La plus haute juridiction du Sénégal a infligé un camouflet au président Macky Sall ce jeudi 15 février 2024, dans la soirée. Par son décret du 3 février, le chef de l’État sénégalais a pris tout le monde de court, en annonçant in extremis le report de l’élection présidentielle prévue le 25 février au 15 décembre 2024. Ne pouvant plus briguer un troisième mandat au risque de heurter de plein fouet la constitution, le président sénégalais a entrepris, selon l’opposition, par cette manœuvre décrétale, le rallongement de son mandat; ce qui énerve également la loi des lois. Les sages ont ainsi souligné à propos du mandat que « la durée ne peut-être réduite ou allongée au gré des circonstances politiques, quels que soient les objectifs »

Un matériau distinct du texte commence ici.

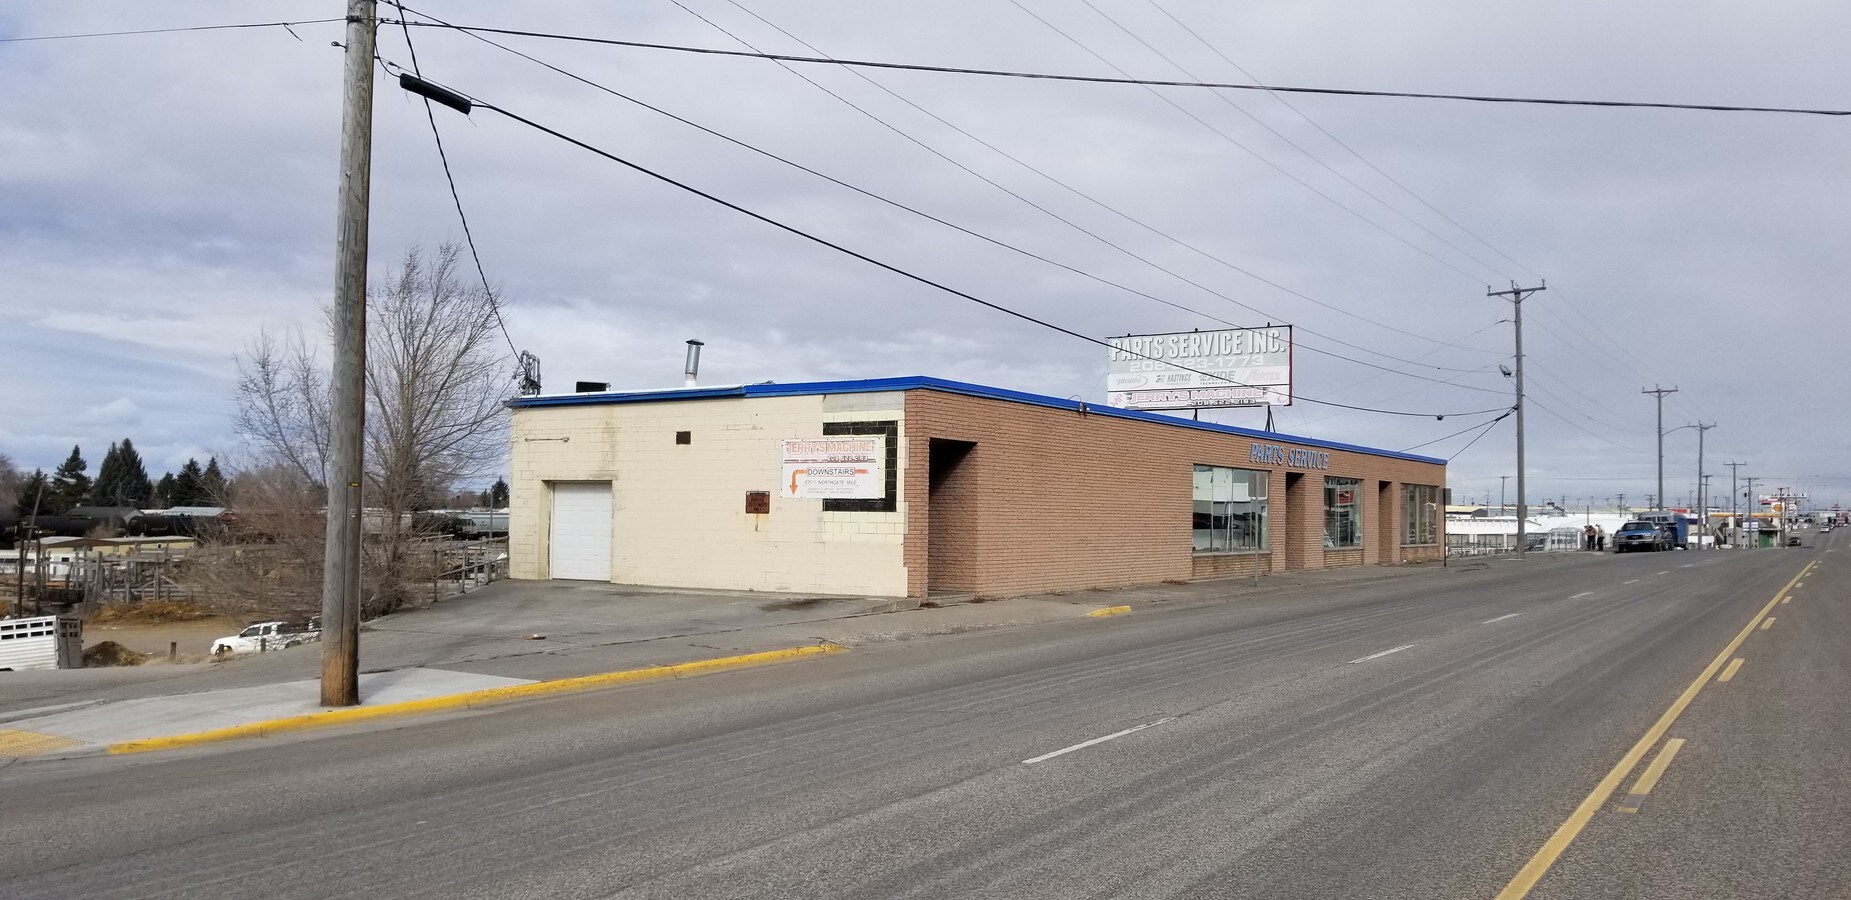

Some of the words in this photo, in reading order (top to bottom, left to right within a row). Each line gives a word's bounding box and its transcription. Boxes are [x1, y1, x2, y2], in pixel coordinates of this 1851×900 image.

[1112, 336, 1164, 361] PARTS
[1168, 331, 1243, 359] SERVICE
[1248, 328, 1287, 354] INC.
[1166, 373, 1192, 383] HASTINGS
[1130, 390, 1190, 404] JERRY'S
[1190, 387, 1264, 401] MACHINE
[788, 442, 827, 454] JERRY'S
[827, 441, 872, 453] MACHINE
[1249, 443, 1286, 465] PARTS
[1287, 448, 1329, 470] SERVICE
[808, 468, 854, 476] DOWNSTAIRS
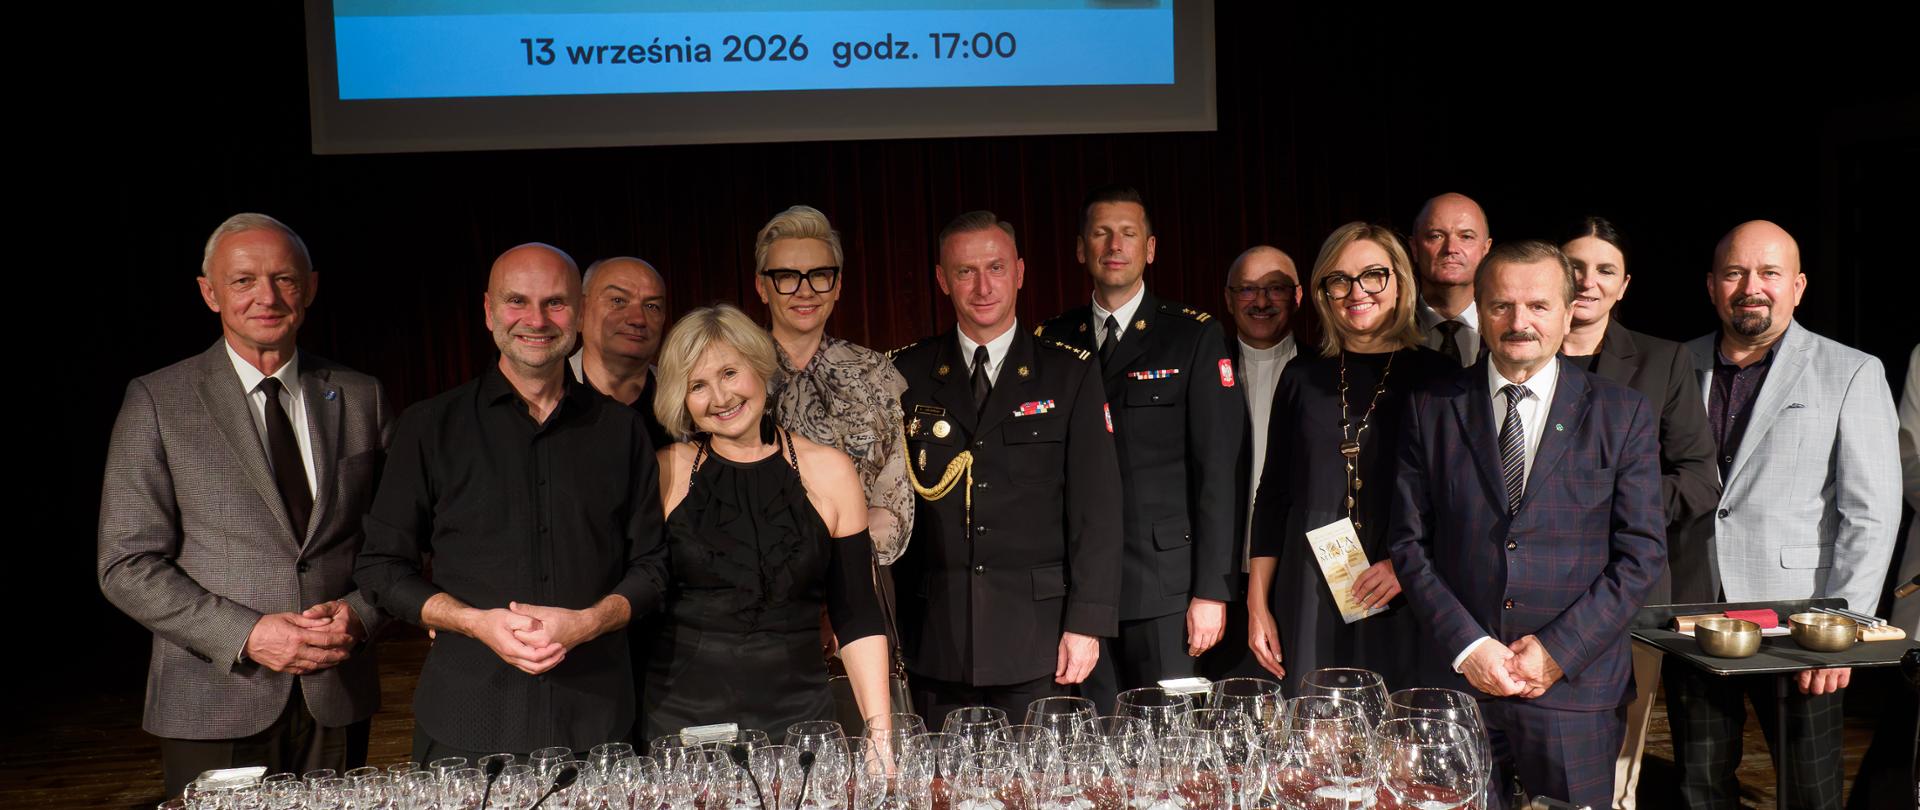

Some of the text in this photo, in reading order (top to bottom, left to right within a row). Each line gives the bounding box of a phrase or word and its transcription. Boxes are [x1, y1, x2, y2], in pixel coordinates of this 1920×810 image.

Or, le mandat du président actuel expire le 2 avril 2024. Dans ces conditions, le processus électoral brutalement interrompu devra être rétabli pour organiser le scrutin.
La grande question est de savoir ce matin quelle sera la réaction de Macky sall, sachant que la décision du conseil constitutionnel est sans appel!
Le conseil constitutionnel sénégalais marque ainsi un point d’honneur au principe de la séparation des pouvoirs, cher à Montesquieu.